═════ INPUT ═════

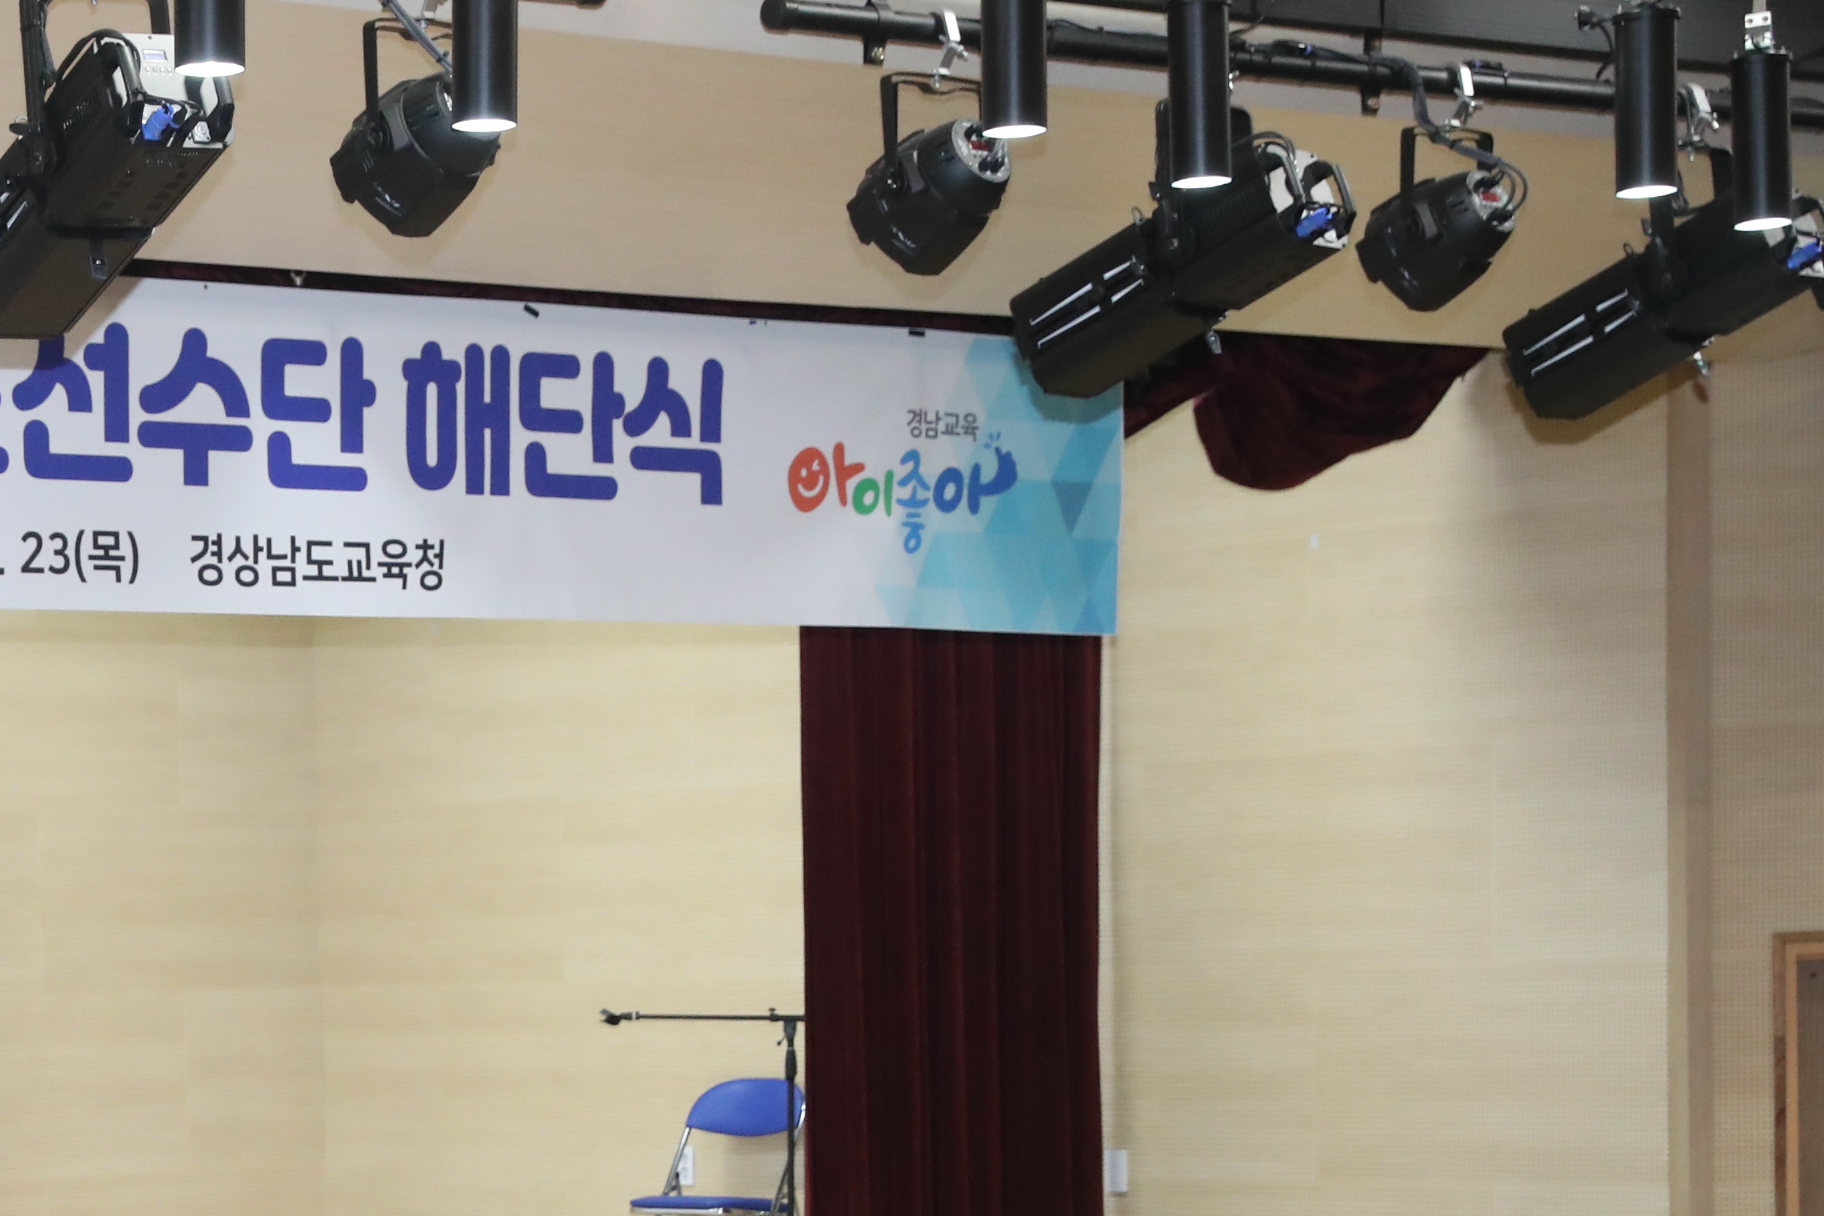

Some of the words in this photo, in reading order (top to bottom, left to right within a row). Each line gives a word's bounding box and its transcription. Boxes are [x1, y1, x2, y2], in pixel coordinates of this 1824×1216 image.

[402, 341, 724, 505] 해단식
[906, 409, 979, 442] 경남교육
[21, 530, 138, 584] 23(목)
[191, 533, 444, 591] 경상남도교육청
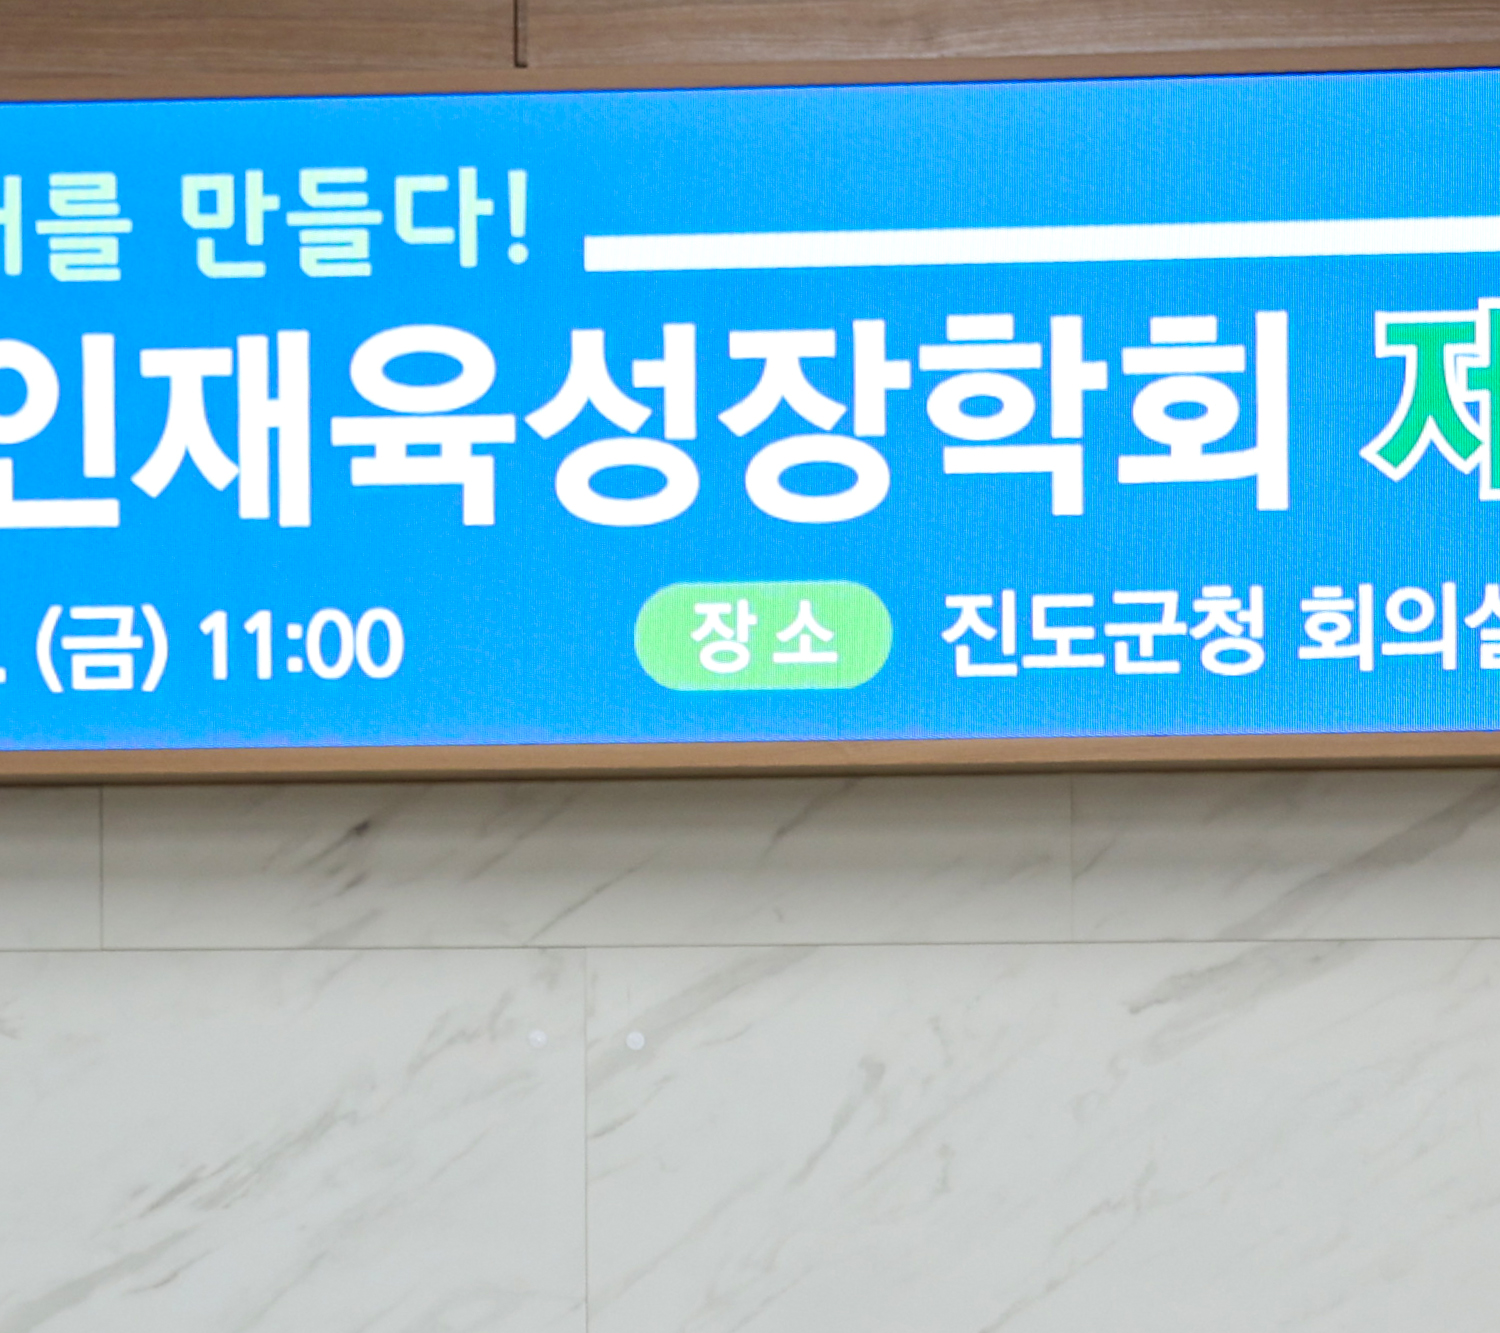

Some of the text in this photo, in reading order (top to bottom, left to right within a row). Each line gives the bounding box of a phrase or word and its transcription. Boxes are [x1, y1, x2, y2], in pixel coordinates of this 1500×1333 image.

[180, 166, 530, 279] 만들다!
[36, 603, 169, 693] (금)
[200, 606, 404, 682] 11:00
[941, 584, 1266, 677] 진도군청

═════

TASK STATEMENT:
In the listing above, find the line containing "Some of the text", then reproduce it and each line after it through the end, exactly and with nothing added.

WRITTEN REPLY:
Some of the text in this photo, in reading order (top to bottom, left to right within a row). Each line gives the bounding box of a phrase or word and its transcription. Boxes are [x1, y1, x2, y2], in pixel coordinates of this 1500×1333 image.

[180, 166, 530, 279] 만들다!
[36, 603, 169, 693] (금)
[200, 606, 404, 682] 11:00
[941, 584, 1266, 677] 진도군청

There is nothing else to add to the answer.